= Mark Bonokoski =

Canadian journalist and political consultant (1947–2025)

Mark Bonokoski (June 30, 1947 – July 17, 2025) was a Canadian conservative newspaper columnist and commentator. In November 2017, he was inducted into the Canadian News Hall of Fame. He covered topics ranging from civil wars in Africa to federal Canadian politics. Former Toronto Mayor John Tory once stated "He's a tough columnist but always a fair columnist."

Before returning to newspapers, he was a senior communications advisor and speechwriter for former federal Transport Minister Lisa Raitt. Previously, he was a newspaper editor and broadcaster primarily associated, until 2013, with Sun Media/QMI.

==Life and career==
Bonokoski grew up in Lyn, Ontario. He was the son of Matt and Shirlee Bonokoski and had three sisters, Eris, Nayda and Cara, and one brother, Kurt (1952–2002). His father was originally from rural Saskatchewan and served in the Royal Canadian Air Force during World War II.

Bonokoski was a graduate of Ryerson Polytechnical Institute's journalism programme. He worked as a general assignment reporter with the Calgary Herald and then the Windsor Star before joining the Toronto Sun in 1974. He was promoted to columnist in 1977 and served in various capacities with the Sun and its parent companies in the ensuing decades. He was Sun Media's European Bureau Chief from 1988 to 1991, based in London, England. In 1991, he was appointed editor of the Ottawa Sun and then became the paper's publisher and CEO in 1997. In 2000, he returned to writing as national affairs columnist for Sun Media and then returned to the Toronto Sun as a columnist in 2002. In 2010 he was appointed National Editorial Writer for the Sun chain of newspapers.

In 2011, he also became a regular contributor on the chain's all-news channel, the Sun News Network, appearing regularly as a commentator or substitute host on various programmes. In a round of layoffs at Sun Media, Bonokoski's contract was terminated and his final column appeared July 20, 2013. Following his forays as a senior political staffer provincially and later federally, Bonokoski subsequently returned to the newspaper business in 2015 as a contract columnist for the Postmedia Network (Sun Media division), largely on national political affairs, writing upwards of four columns a week.
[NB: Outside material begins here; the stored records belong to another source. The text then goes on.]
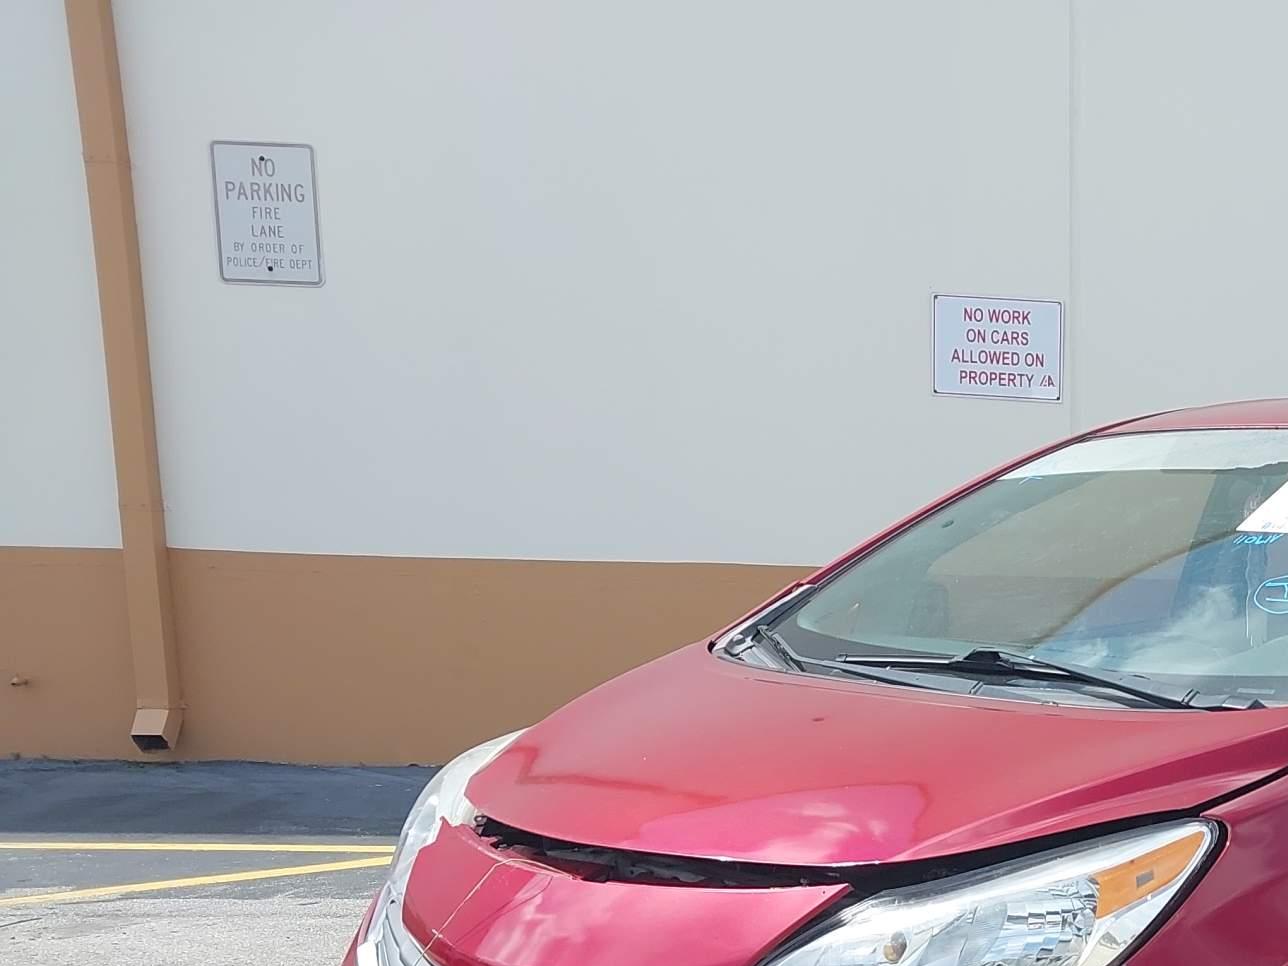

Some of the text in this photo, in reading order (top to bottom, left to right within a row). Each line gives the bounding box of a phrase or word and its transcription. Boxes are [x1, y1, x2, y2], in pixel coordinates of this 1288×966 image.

[251, 157, 276, 177] NO
[224, 181, 306, 203] PARKING
[251, 206, 281, 220] FIRE
[251, 224, 285, 238] LANE
[233, 241, 304, 254] BY ORDER OF
[226, 256, 313, 270] POLICE/FIRE DEPT
[963, 307, 1032, 326] NO WORK
[966, 328, 1030, 346] ON CARS
[951, 348, 1045, 368] ALLOWED ON
[959, 369, 1035, 389] PROPERTY
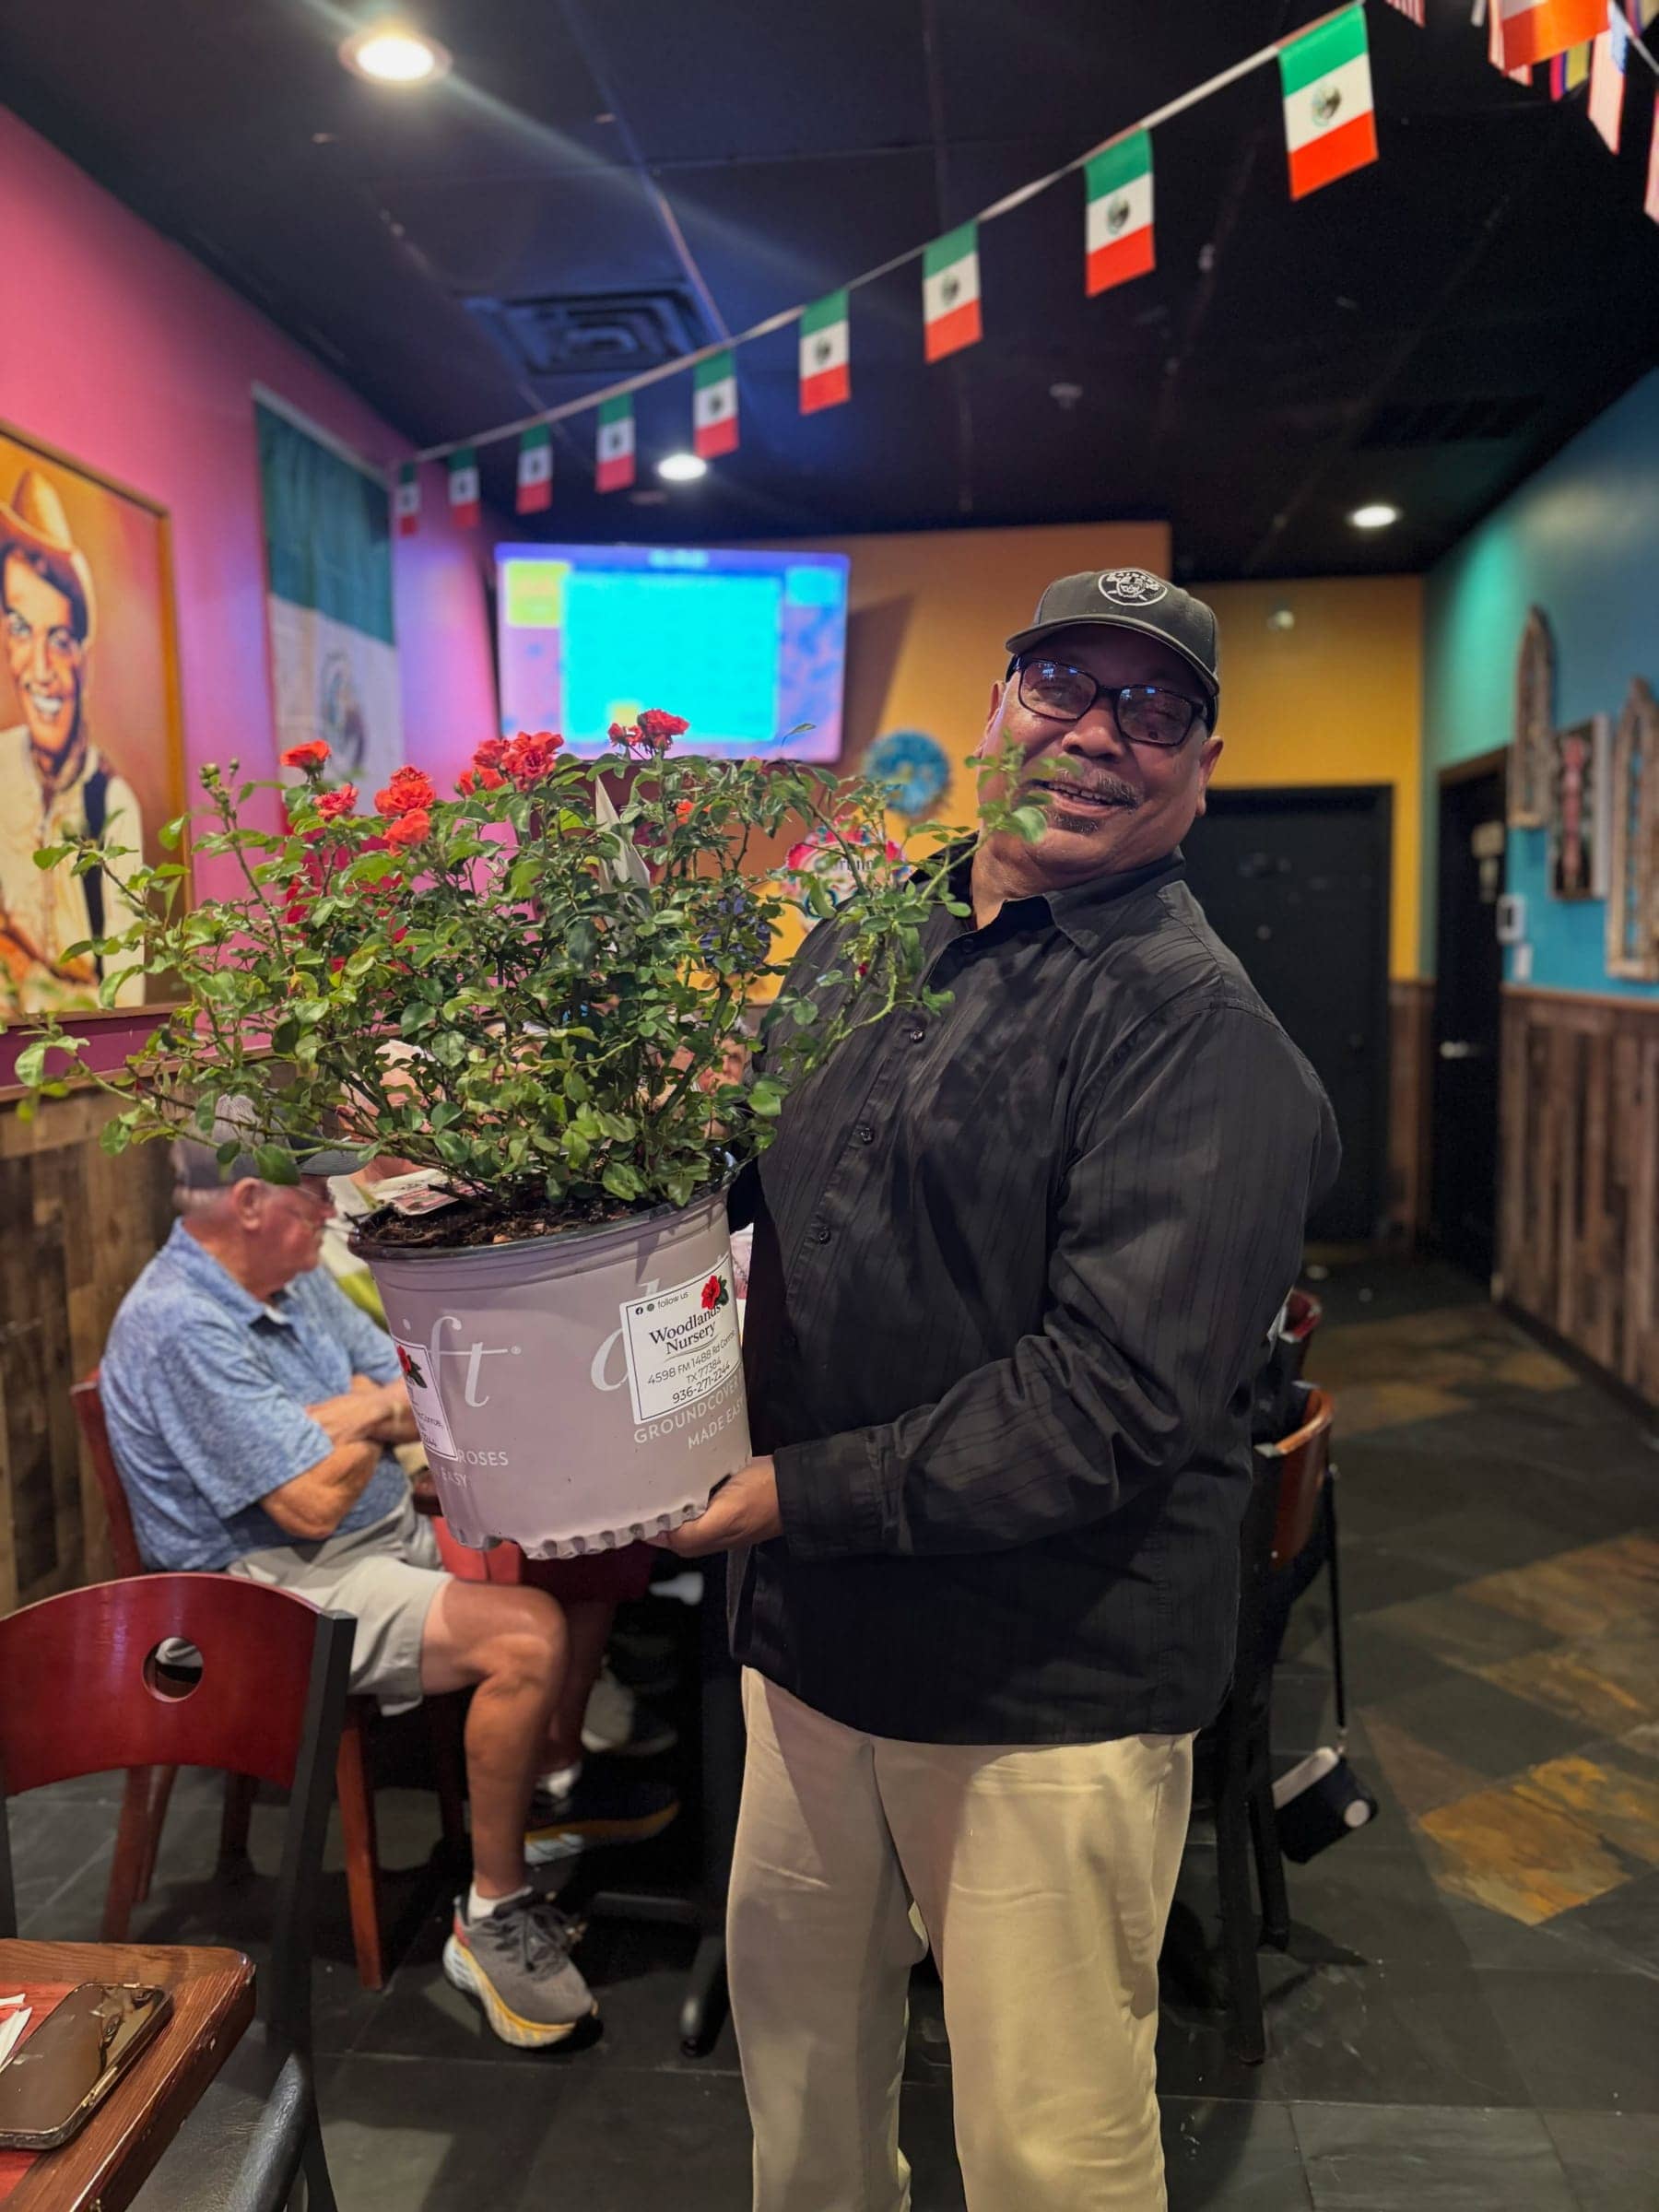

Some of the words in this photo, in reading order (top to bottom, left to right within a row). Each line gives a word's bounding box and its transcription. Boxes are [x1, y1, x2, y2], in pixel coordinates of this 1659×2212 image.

[657, 1296, 679, 1309] follow
[680, 1291, 689, 1300] us
[649, 1304, 722, 1345] Woodlands
[665, 1321, 716, 1355] Nursery
[647, 1366, 677, 1384] 4598
[677, 1361, 690, 1374] FM
[691, 1348, 712, 1368] 1488
[712, 1344, 721, 1355] Rd
[672, 1359, 731, 1404] 936-271-2244
[686, 1372, 698, 1385] TX
[698, 1356, 722, 1379] 77384
[688, 1414, 724, 1451] MADE
[456, 1448, 510, 1466] ROSES
His freelance work appeared in Maclean's and Reader's Digest among others.

Bonokoski was also a fishing and outdoor enthusiast who contributed commentaries to Outdoor Journal Radio. He also provided weekly commentaries to the Haliburton Broadcasting Group network of Moose-FM radio stations in Ontario's cottage country under their sale to a Western Canadian chain. He was also an instructor to fourth-year graduating students at Ryerson University's School of Journalism. Bonokoski won the National Newspaper Award for column writing in 2004.

===Political activity===
Bonokoski attempted to enter politics in the 2000 federal election when he sought the nomination of the Canadian Alliance party in Ottawa West—Nepean but was defeated as some party members felt he was too moderate. In 2013, he was appointed Director of Communications for Tim Hudak, who was Leader of the Opposition Progressive Conservatives in Ontario until the party's defeat in the 2014 provincial election. He then became senior communications advisor and speechwriter for then federal Transport Minister Lisa Raitt up to the federal election in 2015.

===Personal life and death===
Bonokoski married Karen Ann Foley in 1984. They had one child, Erin.

Bonokoski officially retired in June 2023, at the age of 74. He died from lung cancer on July 17, 2025, at the age of 76.